書籍・雑誌

2018/07/10

天鏡のアルデラミン Ⅷ

ねじ巻き精霊戦記 天鏡のアルデラミン Ⅷ (宇野朴人・著)を読みました!

カトヴァーナのクーデターから2年後。隣国キオカ共和国も泰平というわけではなかった。他民族の寄せ集めであるキオカでは、その反動で民族運動が勃興していた。そのさなか、不眠の輝将ジャンは、イクタの師匠アナライと出会う。

カトヴァーナ帝国では、シャミーユが帝位を継いでいた。己の身に流れる皇帝の血を呪うシャミーユは、自らの才能と存在をゆがませ、恐怖政治を敷き、帝国を力で統治していた。それを止めうるイクタは、ヤトリの死以後、意識を内にこもらせて何の反応もない。二本柱を失った帝国騎士団の面々は必死にその役割を果たそうとするが……。

前巻で一つ大きな流れが終わって、新たな展開に向けて、いろいろと種をまく巻でした。

キオカでは新たな出会いがありました。ジャンとアナライ博士はかなり相性が良さそうで、そうなるとイクタの前に大きな壁となって立ちはだかりそうです。

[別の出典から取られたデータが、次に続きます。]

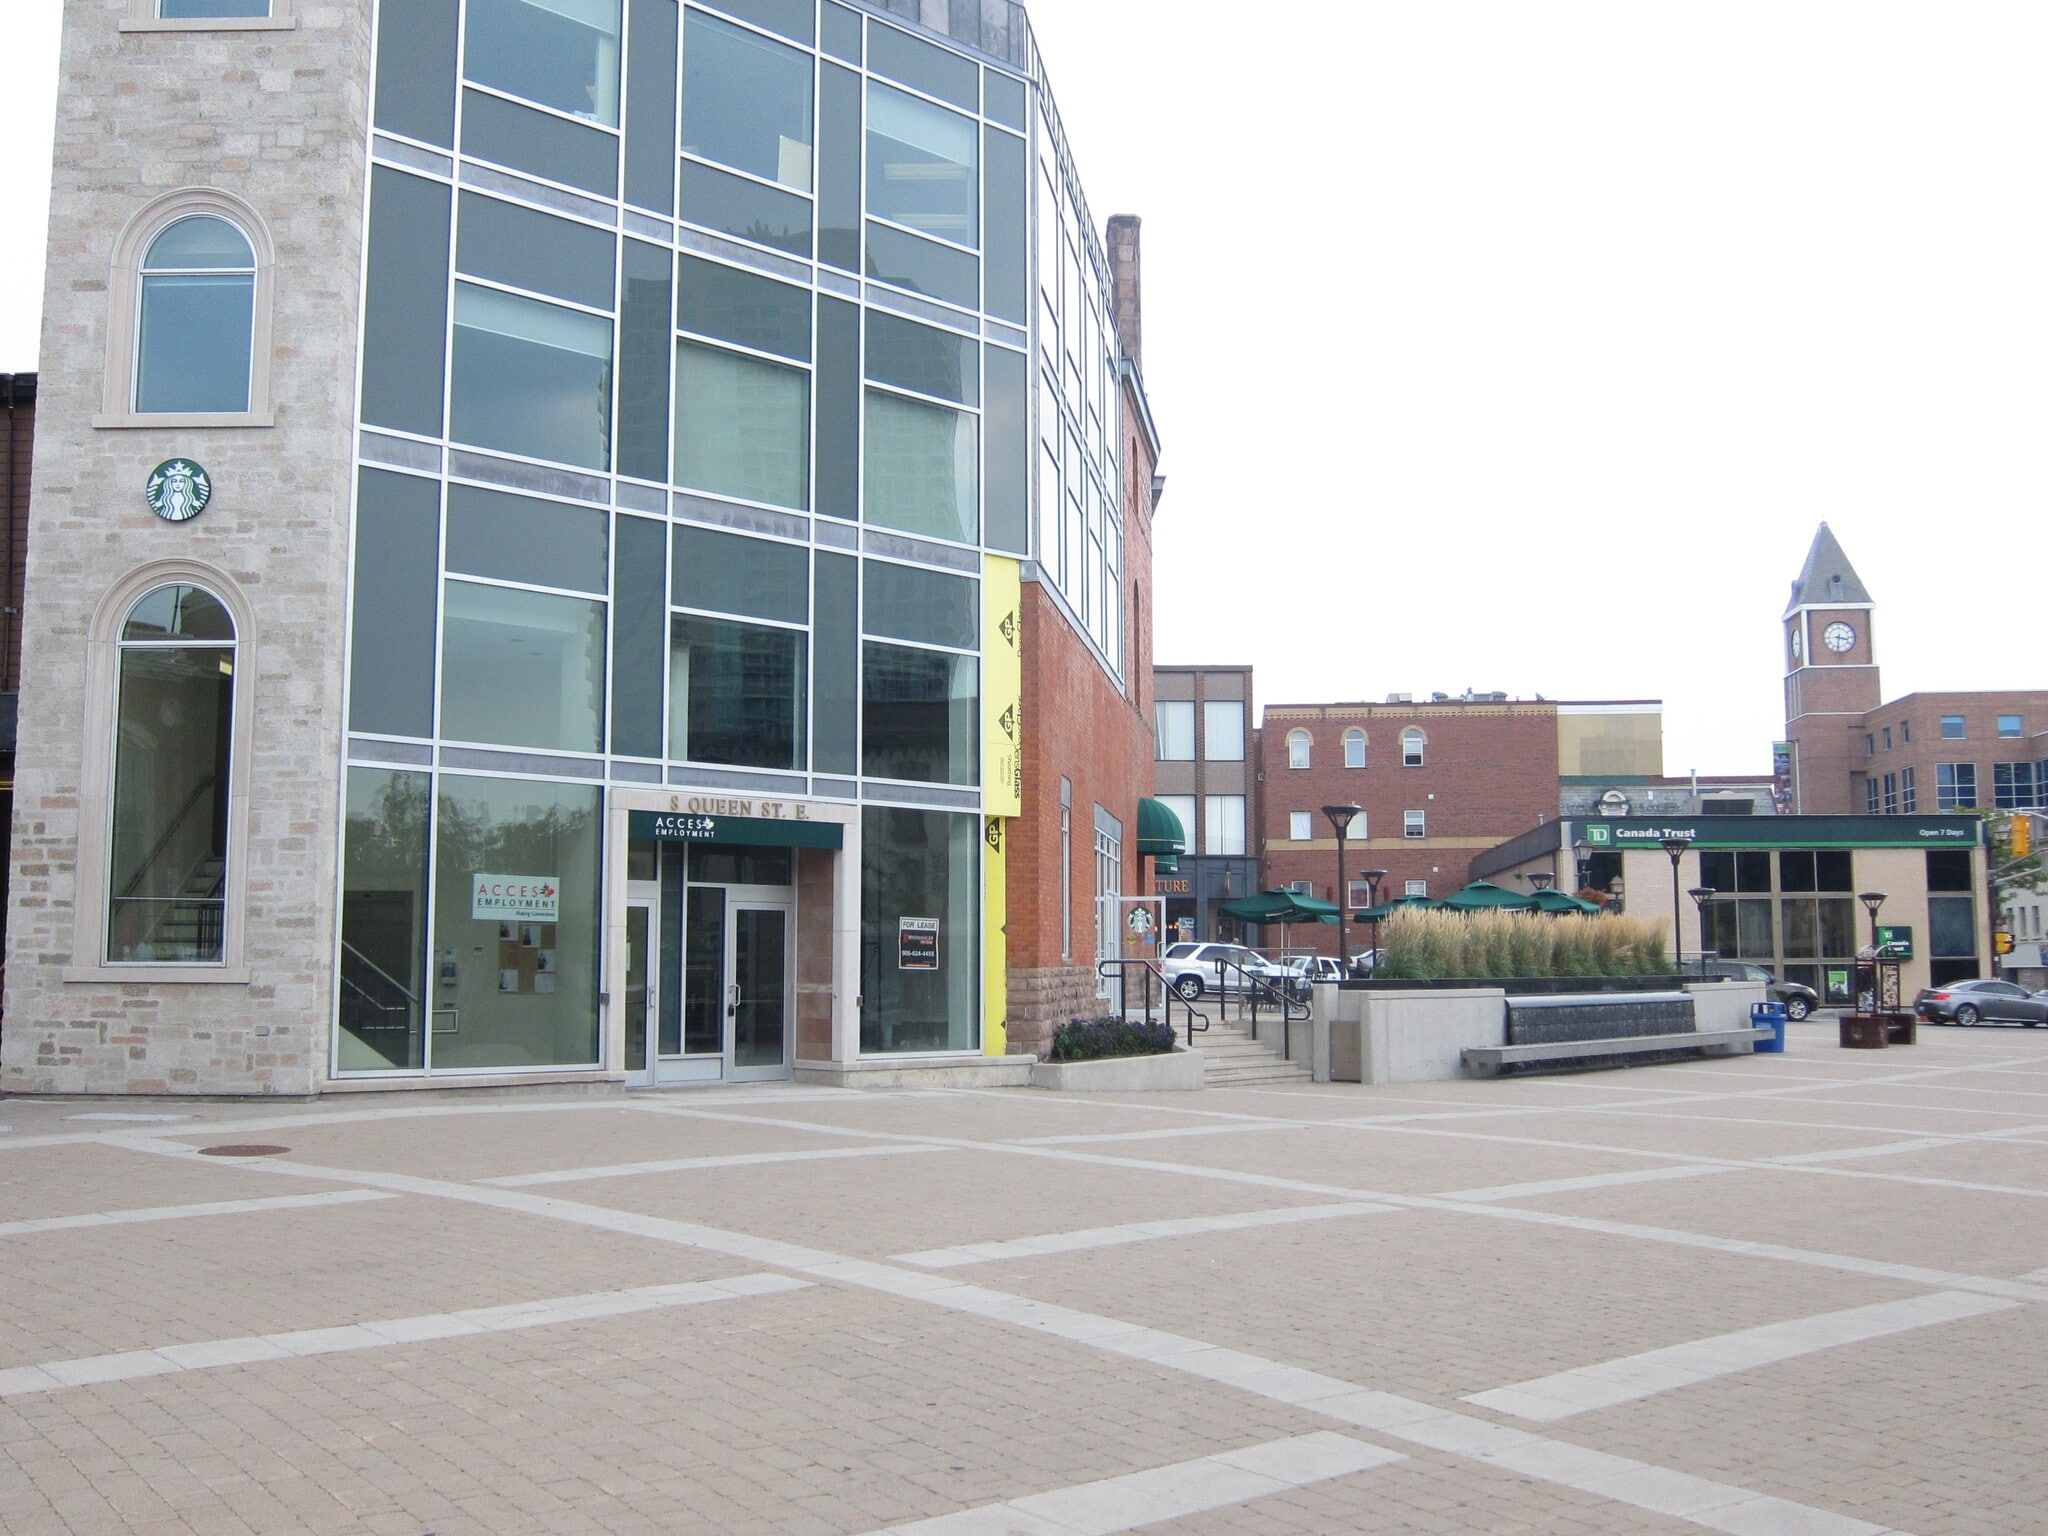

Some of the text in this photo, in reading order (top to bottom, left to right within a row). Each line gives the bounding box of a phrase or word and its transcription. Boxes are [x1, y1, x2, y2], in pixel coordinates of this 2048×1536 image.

[1004, 618, 1012, 639] GP
[1004, 712, 1012, 733] GP
[670, 795, 810, 820] 8 QUEEN ST. E.
[655, 817, 703, 830] ACCES
[655, 828, 715, 838] EMPLOYMENT
[989, 824, 998, 845] GP
[1590, 828, 1696, 841] TD Canada Trust
[1919, 829, 1939, 837] Open
[1946, 829, 1964, 837] Days
[478, 884, 539, 898] ACCES
[477, 897, 556, 908] EMPLOYMENT
[917, 921, 936, 929] LEASE

カトヴァーナではシャミーユが帝位につきましたが、これは望んだ結果ではなく、クリスナイの謀略に乗せられたもの。確かな才能を持つシャミーユですが、それがゆがんだ形で芽吹いてしまってきます。それを止められる者は誰もおらず、残った騎士団の面々はいっぱいいっぱい。

いつまで寝てんの、取り返しつかなくなっちゃうよ? と、ジリジリとさせられて、最後にその伏線がここで! という大きな引き。このあたりは、本当にうまいです。続きを読まねば。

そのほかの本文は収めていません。